# Task item
Reproduce the records below exactly, but leave their pictures out of the copy.

# Input
BEGIN
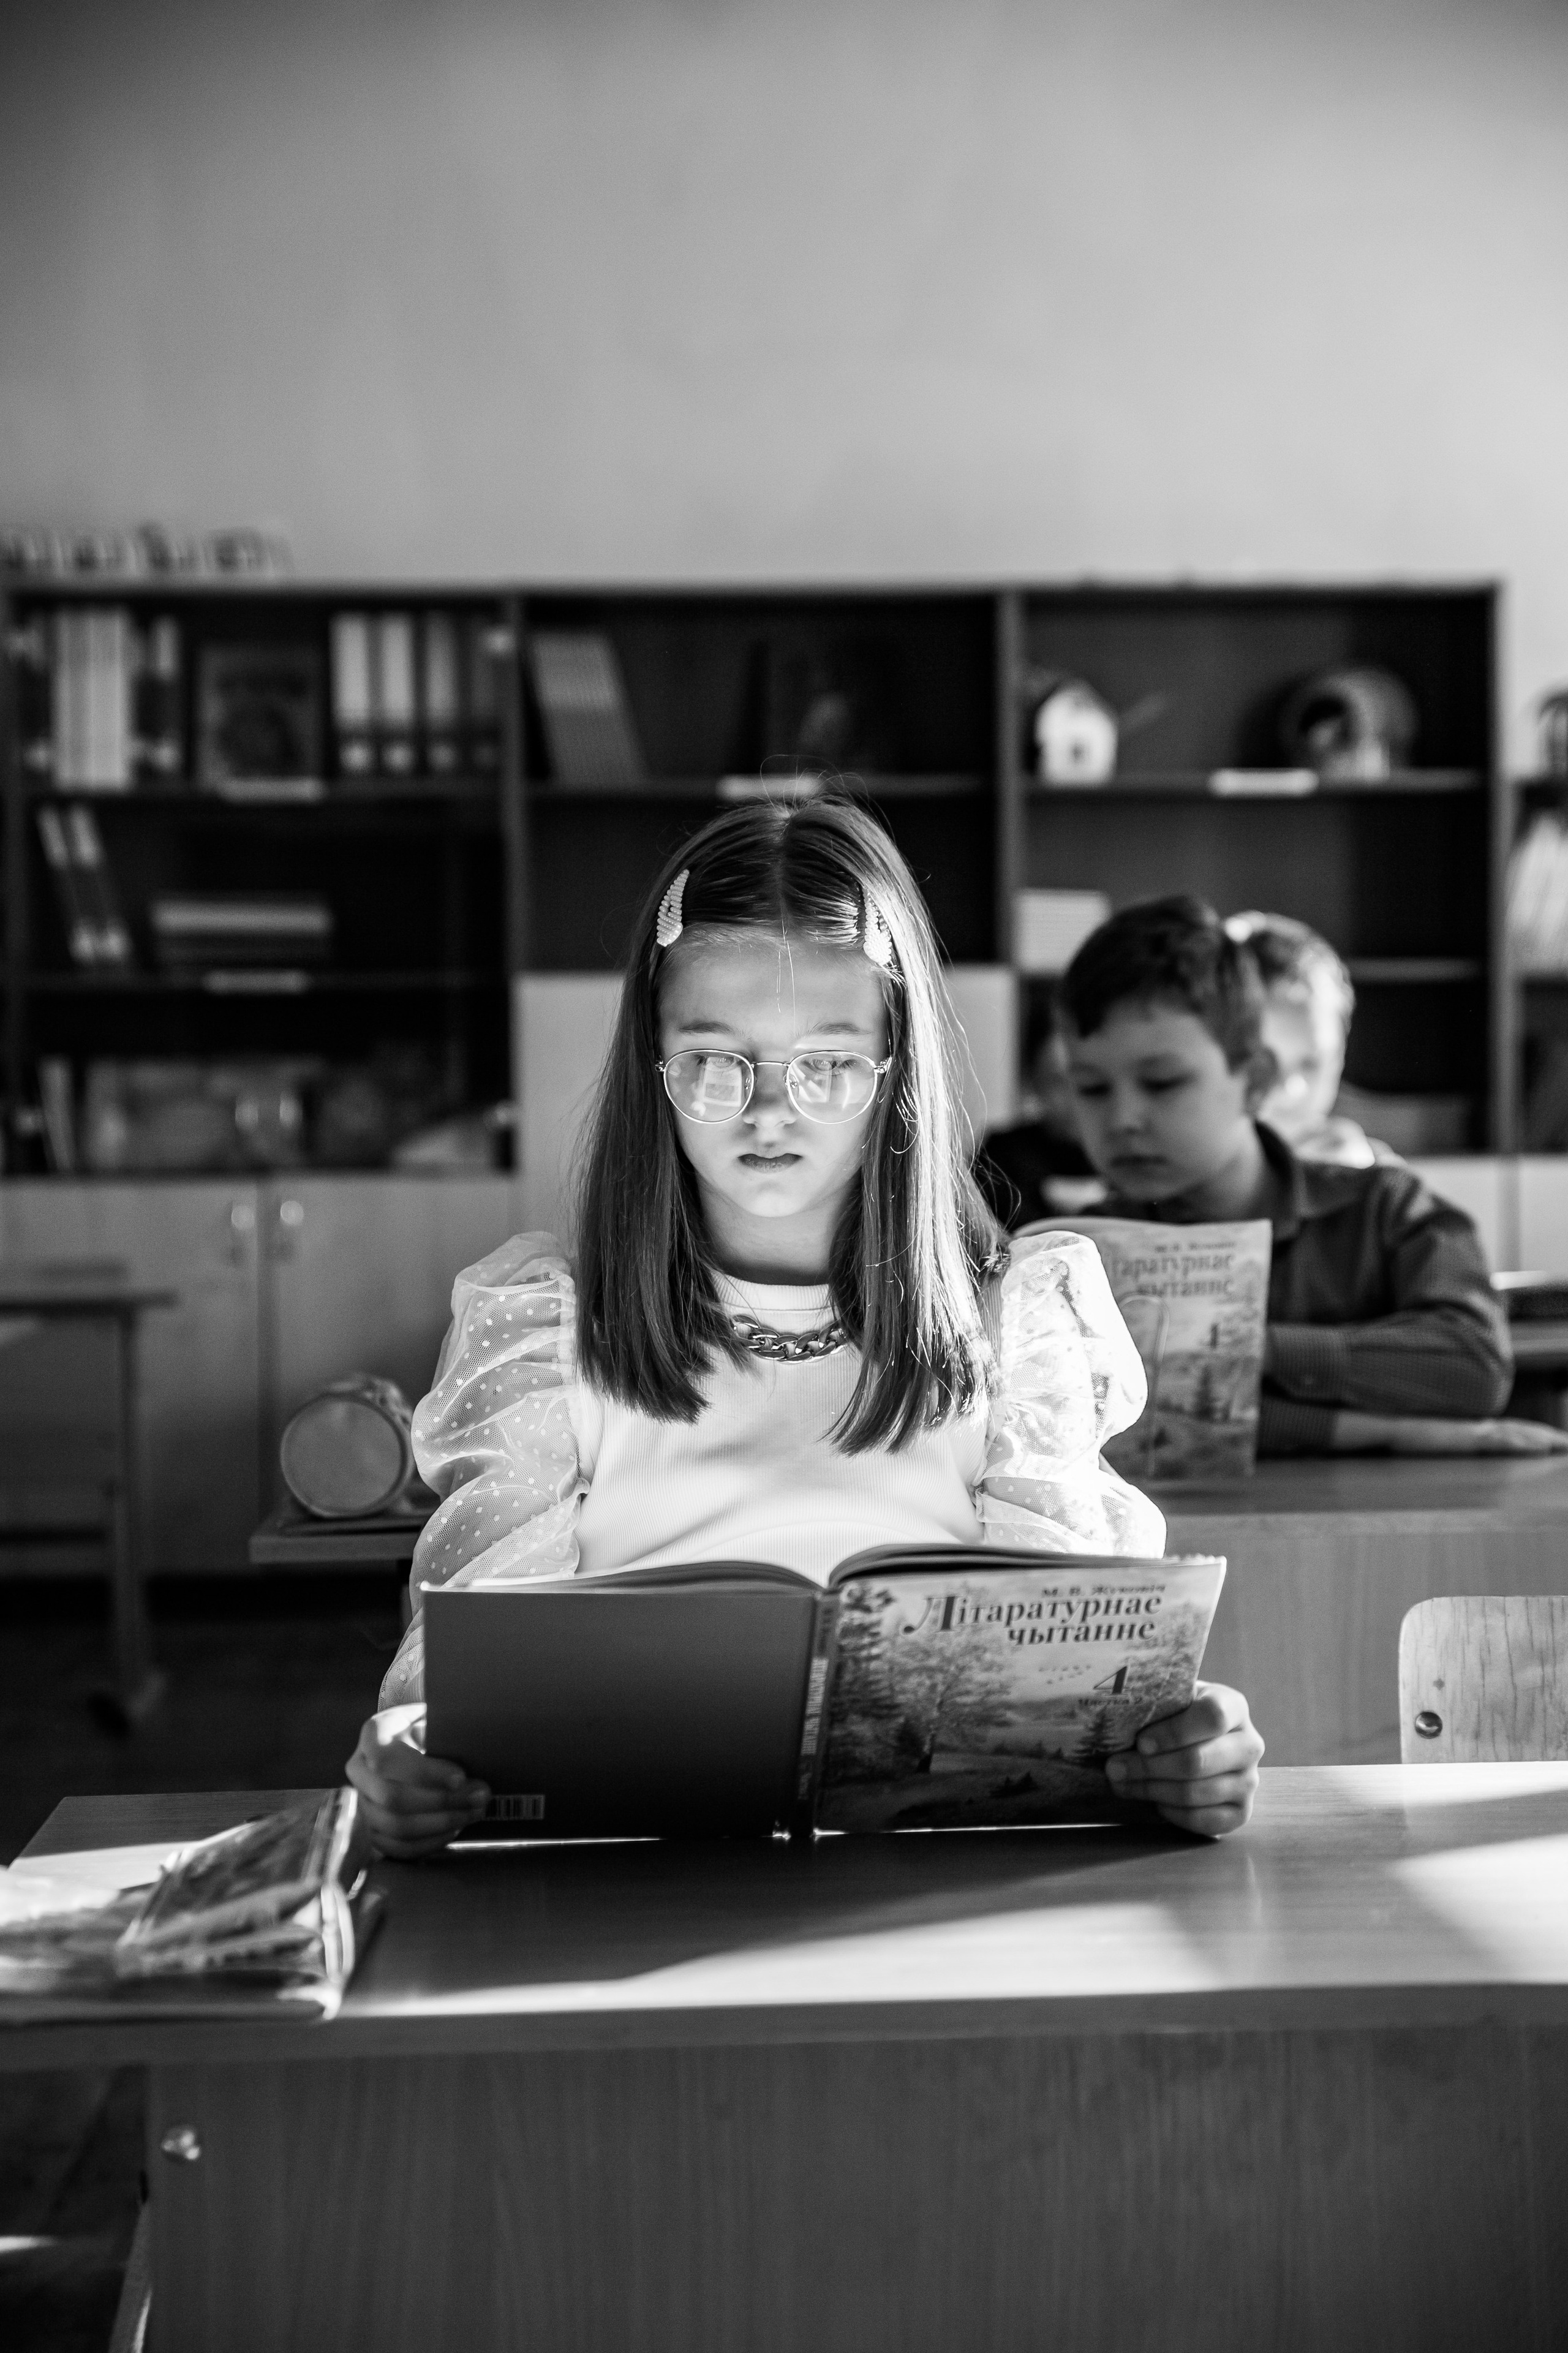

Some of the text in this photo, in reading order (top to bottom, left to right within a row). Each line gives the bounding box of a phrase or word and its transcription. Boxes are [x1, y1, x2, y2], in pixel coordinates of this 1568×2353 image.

[903, 1594, 1161, 1634] Літаратурнае
[1008, 1620, 1156, 1645] чытанне
[1093, 1665, 1130, 1695] 4
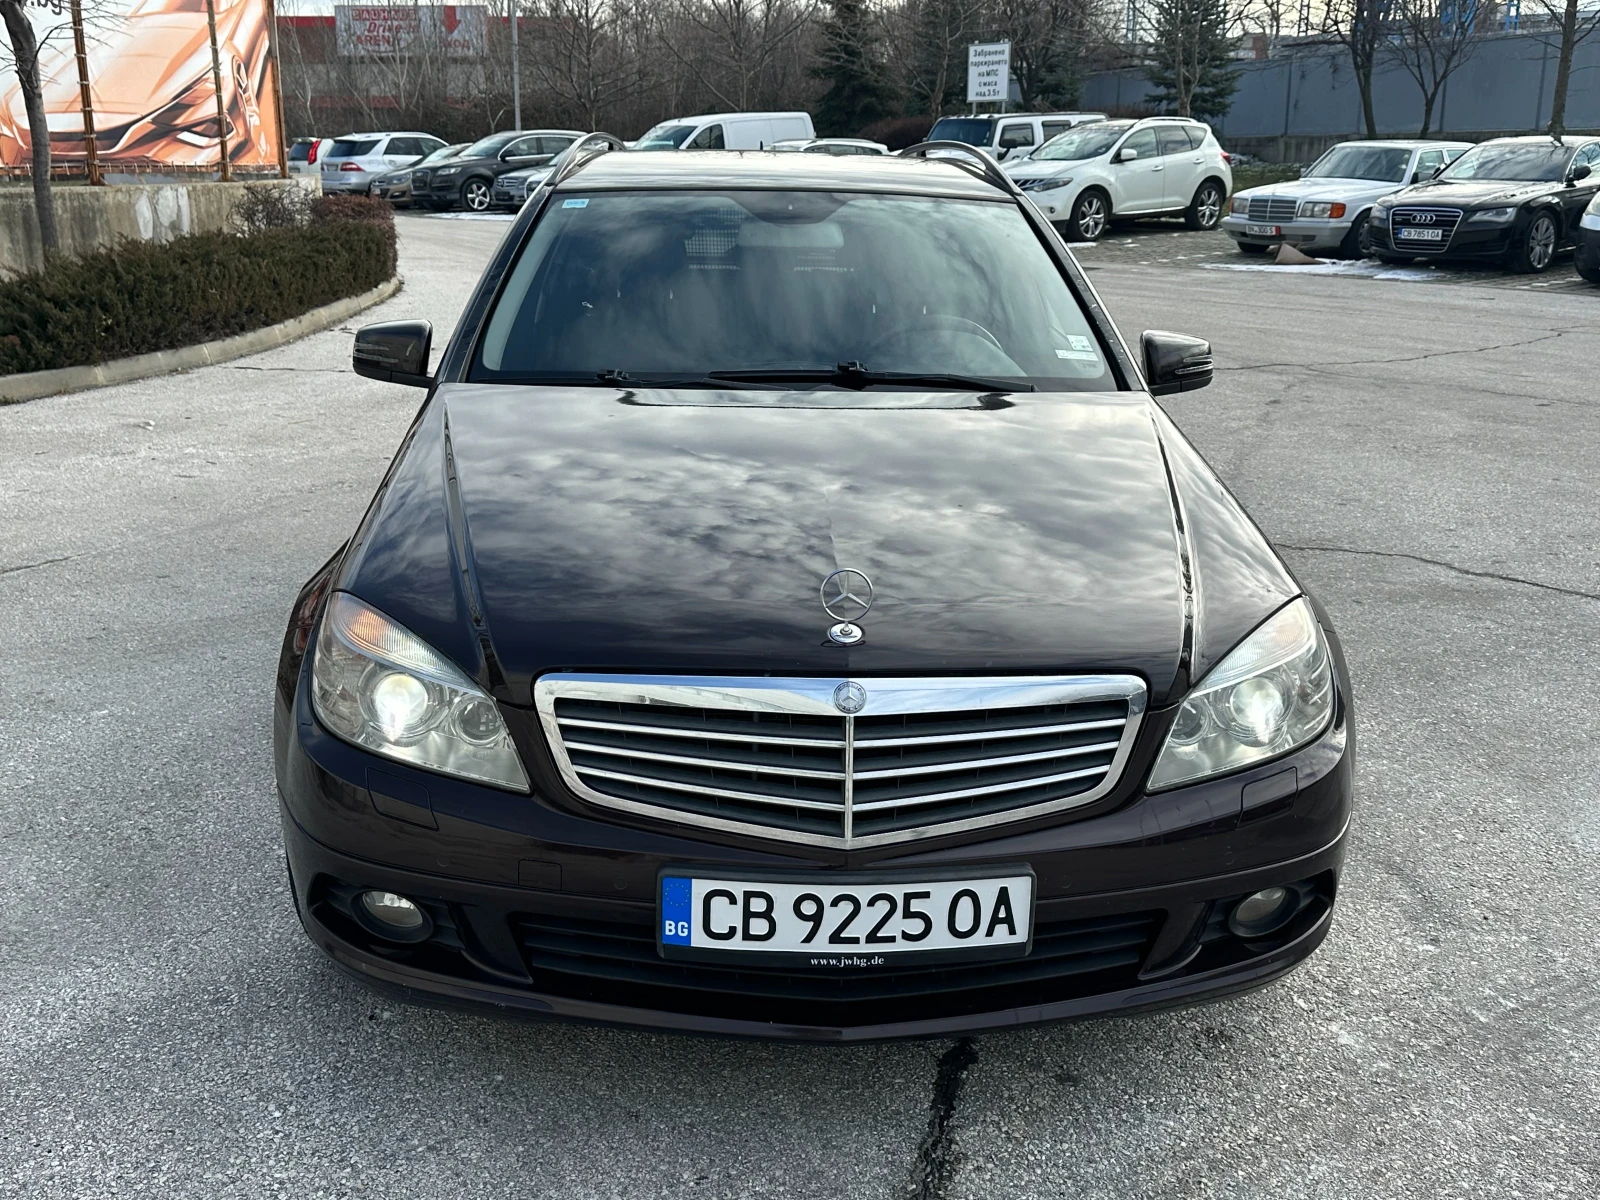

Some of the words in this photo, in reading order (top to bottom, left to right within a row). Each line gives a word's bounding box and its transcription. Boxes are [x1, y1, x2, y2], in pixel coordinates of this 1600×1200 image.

[973, 49, 1006, 57] Забранено
[970, 59, 1008, 67] паркирането
[986, 69, 999, 77] МПС
[702, 888, 777, 942] CB
[792, 890, 933, 945] 9225
[946, 885, 1017, 940] OA
[665, 920, 689, 937] BG
[810, 955, 885, 968] www.jwhg.de
END
# Exercise output
Some of the text in this photo, in reading order (top to bottom, left to right within a row). Each line gives the bounding box of a phrase or word and its transcription. Boxes are [x1, y1, x2, y2], in pixel coordinates of this 1568×2353 image.

[903, 1594, 1161, 1634] Літаратурнае
[1008, 1620, 1156, 1645] чытанне
[1093, 1665, 1130, 1695] 4

Some of the words in this photo, in reading order (top to bottom, left to right within a row). Each line gives a word's bounding box and its transcription. Boxes are [x1, y1, x2, y2], in pixel coordinates of this 1600×1200 image.

[973, 49, 1006, 57] Забранено
[970, 59, 1008, 67] паркирането
[986, 69, 999, 77] МПС
[702, 888, 777, 942] CB
[792, 890, 933, 945] 9225
[946, 885, 1017, 940] OA
[665, 920, 689, 937] BG
[810, 955, 885, 968] www.jwhg.de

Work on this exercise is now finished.